(Stored data entries)
%%

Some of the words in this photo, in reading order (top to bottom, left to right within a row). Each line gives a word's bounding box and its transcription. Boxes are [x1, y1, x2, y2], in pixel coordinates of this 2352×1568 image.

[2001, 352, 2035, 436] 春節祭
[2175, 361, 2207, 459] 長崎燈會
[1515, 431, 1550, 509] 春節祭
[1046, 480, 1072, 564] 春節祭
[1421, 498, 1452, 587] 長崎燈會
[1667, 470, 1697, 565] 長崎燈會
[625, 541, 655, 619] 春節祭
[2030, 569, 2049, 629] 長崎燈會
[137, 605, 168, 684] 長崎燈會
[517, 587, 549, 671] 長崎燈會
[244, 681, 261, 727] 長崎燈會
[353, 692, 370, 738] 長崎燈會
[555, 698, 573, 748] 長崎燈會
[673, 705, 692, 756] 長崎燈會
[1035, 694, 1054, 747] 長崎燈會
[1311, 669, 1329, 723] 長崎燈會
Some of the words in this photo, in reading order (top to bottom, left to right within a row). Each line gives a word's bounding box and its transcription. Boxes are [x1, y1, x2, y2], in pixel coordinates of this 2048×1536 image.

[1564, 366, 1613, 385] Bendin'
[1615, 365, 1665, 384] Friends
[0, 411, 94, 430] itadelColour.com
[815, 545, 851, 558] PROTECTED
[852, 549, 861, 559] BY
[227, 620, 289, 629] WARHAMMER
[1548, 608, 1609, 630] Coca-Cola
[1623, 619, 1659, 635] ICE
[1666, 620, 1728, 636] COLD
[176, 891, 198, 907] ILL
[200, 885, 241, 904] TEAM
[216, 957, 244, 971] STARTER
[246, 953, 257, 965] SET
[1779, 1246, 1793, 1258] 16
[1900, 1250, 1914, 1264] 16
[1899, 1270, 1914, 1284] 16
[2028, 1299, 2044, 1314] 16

%%

_TASK DETAILS_
Reproduce all data above, unchanged.

_RESPONSE_
Some of the words in this photo, in reading order (top to bottom, left to right within a row). Each line gives a word's bounding box and its transcription. Boxes are [x1, y1, x2, y2], in pixel coordinates of this 2352×1568 image.

[2001, 352, 2035, 436] 春節祭
[2175, 361, 2207, 459] 長崎燈會
[1515, 431, 1550, 509] 春節祭
[1046, 480, 1072, 564] 春節祭
[1421, 498, 1452, 587] 長崎燈會
[1667, 470, 1697, 565] 長崎燈會
[625, 541, 655, 619] 春節祭
[2030, 569, 2049, 629] 長崎燈會
[137, 605, 168, 684] 長崎燈會
[517, 587, 549, 671] 長崎燈會
[244, 681, 261, 727] 長崎燈會
[353, 692, 370, 738] 長崎燈會
[555, 698, 573, 748] 長崎燈會
[673, 705, 692, 756] 長崎燈會
[1035, 694, 1054, 747] 長崎燈會
[1311, 669, 1329, 723] 長崎燈會
Some of the words in this photo, in reading order (top to bottom, left to right within a row). Each line gives a word's bounding box and its transcription. Boxes are [x1, y1, x2, y2], in pixel coordinates of this 2048×1536 image.

[1564, 366, 1613, 385] Bendin'
[1615, 365, 1665, 384] Friends
[0, 411, 94, 430] itadelColour.com
[815, 545, 851, 558] PROTECTED
[852, 549, 861, 559] BY
[227, 620, 289, 629] WARHAMMER
[1548, 608, 1609, 630] Coca-Cola
[1623, 619, 1659, 635] ICE
[1666, 620, 1728, 636] COLD
[176, 891, 198, 907] ILL
[200, 885, 241, 904] TEAM
[216, 957, 244, 971] STARTER
[246, 953, 257, 965] SET
[1779, 1246, 1793, 1258] 16
[1900, 1250, 1914, 1264] 16
[1899, 1270, 1914, 1284] 16
[2028, 1299, 2044, 1314] 16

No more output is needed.